» **Activity**:
All entries must be transcribed exactly, down to the last character.

» **Source data**:
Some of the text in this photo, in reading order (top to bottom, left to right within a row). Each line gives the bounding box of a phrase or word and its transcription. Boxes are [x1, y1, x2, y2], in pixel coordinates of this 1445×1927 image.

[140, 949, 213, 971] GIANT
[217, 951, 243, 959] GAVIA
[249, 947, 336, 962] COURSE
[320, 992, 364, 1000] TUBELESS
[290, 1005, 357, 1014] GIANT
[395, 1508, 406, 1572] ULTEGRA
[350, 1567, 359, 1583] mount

» **Written reply**:
Some of the text in this photo, in reading order (top to bottom, left to right within a row). Each line gives the bounding box of a phrase or word and its transcription. Boxes are [x1, y1, x2, y2], in pixel coordinates of this 1445×1927 image.

[140, 949, 213, 971] GIANT
[217, 951, 243, 959] GAVIA
[249, 947, 336, 962] COURSE
[320, 992, 364, 1000] TUBELESS
[290, 1005, 357, 1014] GIANT
[395, 1508, 406, 1572] ULTEGRA
[350, 1567, 359, 1583] mount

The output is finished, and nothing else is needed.